A taxi driver has been sentenced to two years in prison with the final year suspended for sexually assaulting a schoolgirl in his car.

Father of four, Toni Muzinga (48), of Cartur Mór, Clybaun Road, told the 16-year-old she should keep secrets from her mother, before offering her money and a new phone if she went with him to Oranmore where no one would see them.

Muzinga pleaded guilty before Galway Circuit Criminal Court last December to sexually assaulting the girl on February 16 last year.

Sentence was adjourned to last week for the preparation of a victim impact statement.

Garda Neil Lydon said Muzinga knew the victim since she was a child and on the date in question he saw her in Eyre Square and offered her a lift home. She got into the back of his taxi but on the way home she became uneasy due to the nature of his comments to her.

He told her she should keep secrets from her mother and her mother didn’t have to know everything she was doing.

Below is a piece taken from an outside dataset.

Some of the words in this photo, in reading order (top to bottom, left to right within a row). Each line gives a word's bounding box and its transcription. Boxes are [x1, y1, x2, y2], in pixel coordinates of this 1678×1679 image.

He asked for her number and started making arrangements to meet her, telling her to keep that information from her mother.  He offered her money and a new phone.  He told her he would give her lots of things that her mother could not afford to give her and she was to keep them a secret from her mother.

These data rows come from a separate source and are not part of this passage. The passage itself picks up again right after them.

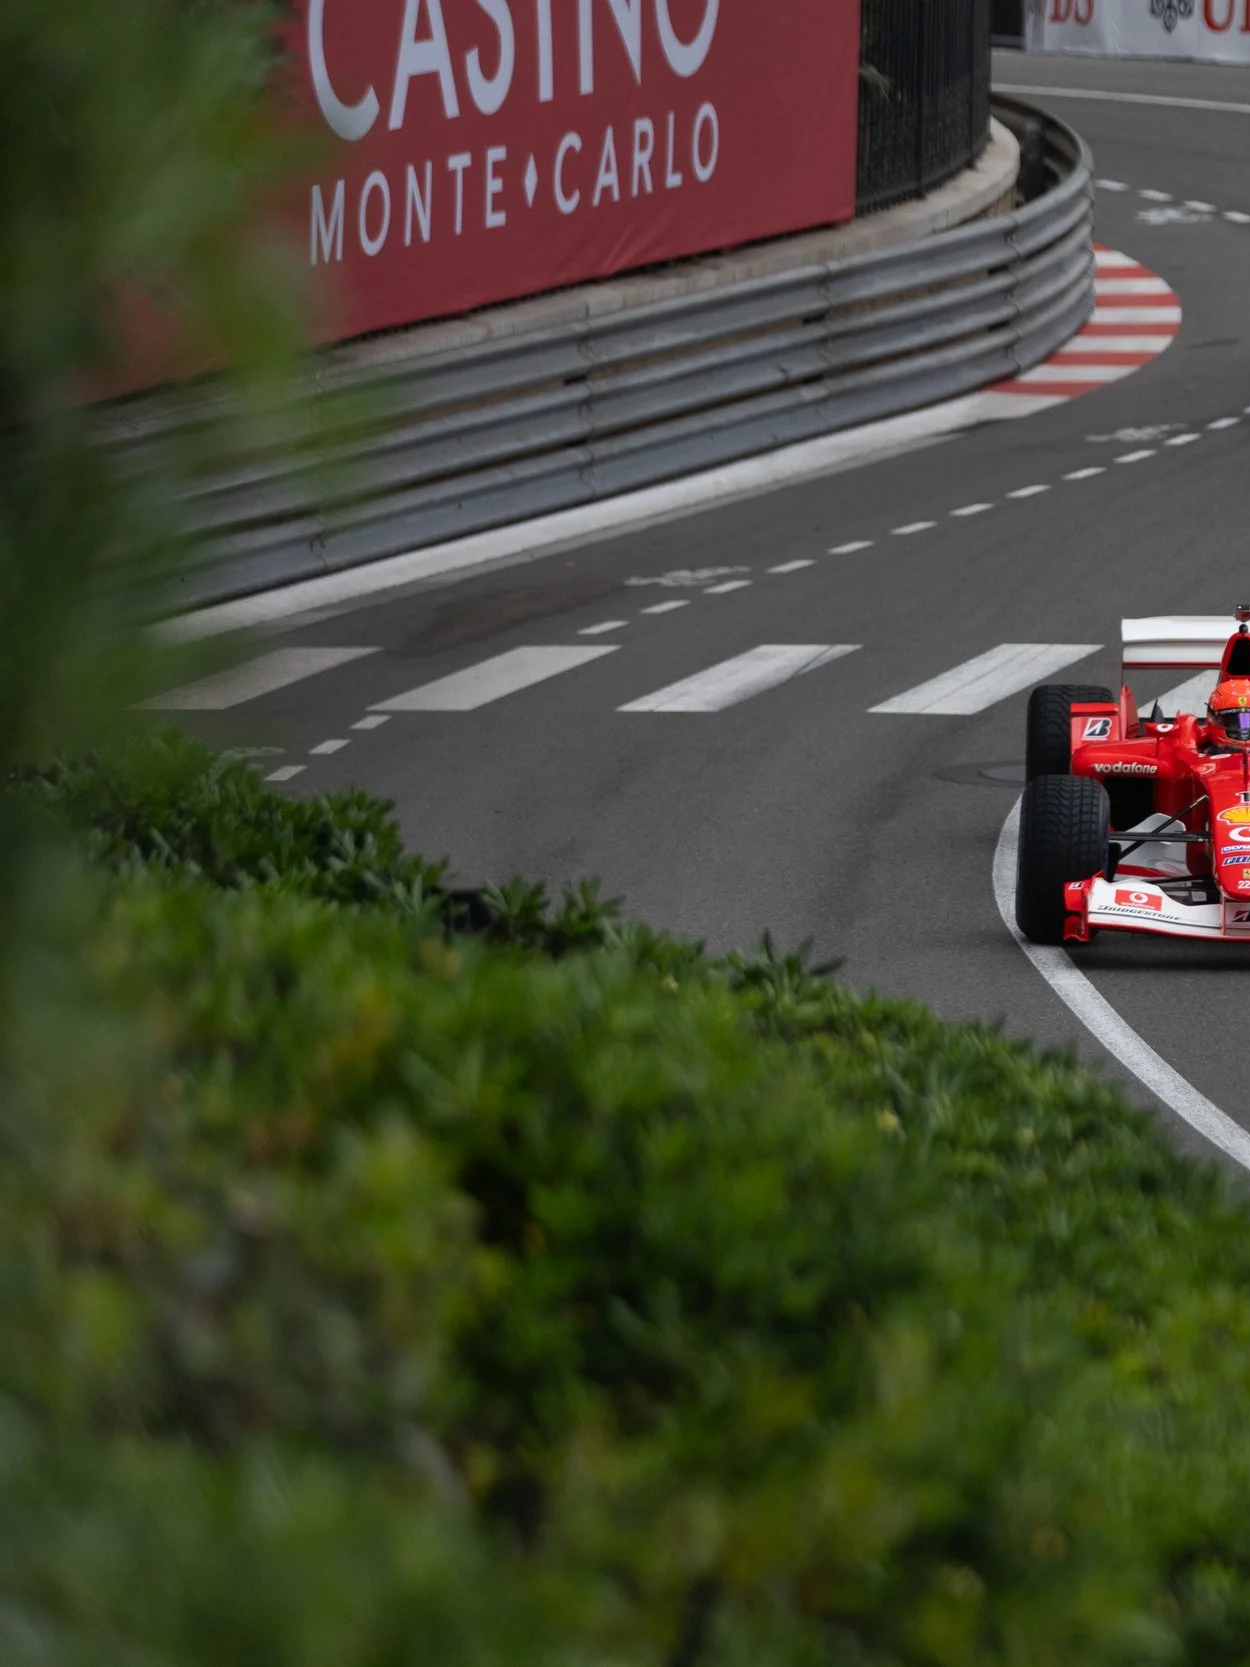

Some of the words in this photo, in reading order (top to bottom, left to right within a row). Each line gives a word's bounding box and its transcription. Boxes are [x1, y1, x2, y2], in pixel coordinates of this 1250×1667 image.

[310, 146, 507, 267] MONTE
[553, 101, 719, 214] CARLO
[1094, 761, 1158, 773] vodafone
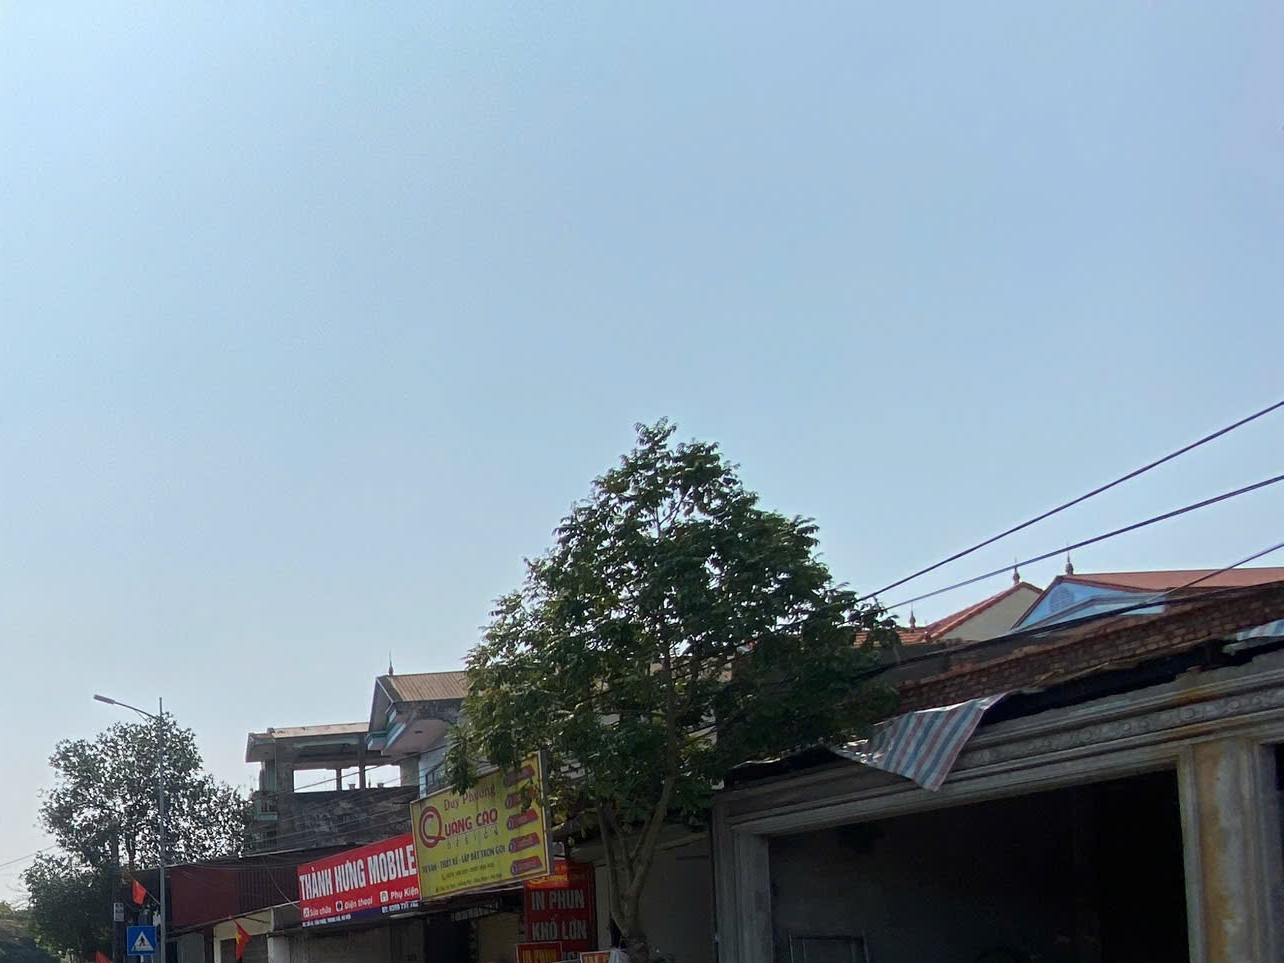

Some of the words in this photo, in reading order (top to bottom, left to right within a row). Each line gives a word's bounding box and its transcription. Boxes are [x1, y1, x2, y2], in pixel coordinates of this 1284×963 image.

[444, 798, 459, 811] Duy
[476, 807, 498, 826] CÁO
[300, 867, 333, 900] THÀNH
[367, 844, 417, 885] MOBILE
[531, 890, 545, 911] IN
[549, 888, 585, 910] PHUN
[531, 913, 558, 941] KHỔ
[561, 915, 588, 940] LỚN

Muzinga offered to bring the girl to Oranmore where they would not be seen. He then put his hand back and groped her. He asked her to kiss him before letting her out of the taxi.

The girl told her mother what had happened and they went to Gardaí.

The girl told Garda Lydon she was shocked and stunned and “just froze” when the assault happened.

Garda Lydon said Muzinga knew the girl’s family for many years through mutual friends.

He was interviewed and admitted picking the girl up in Eyre Square.

However, he denied sexually assaulting her, saying that he accidentally touched her while opening the door to let her out.

Garda Lydon confirmed Muzinga had nine previous convictions, including one for handling stolen property, while the rest were for traffic offences.

Defence barrister, Aisling Wall, said her client was a widower since his wife died suddenly ten years ago.  The couple had come to Ireland in 2001 and were granted asylum.  He had always worked and was the sole carer for his children as his extended family still lived in DR Congo.

She said Muzinga could offer no explanation for what he did but he was sorry and had brought €2,000 to court to offer to the victim.

He had to surrender his taxi licence last December and could no longer work.

His actions, she said, had a detrimental impact on his own children as well as the victim.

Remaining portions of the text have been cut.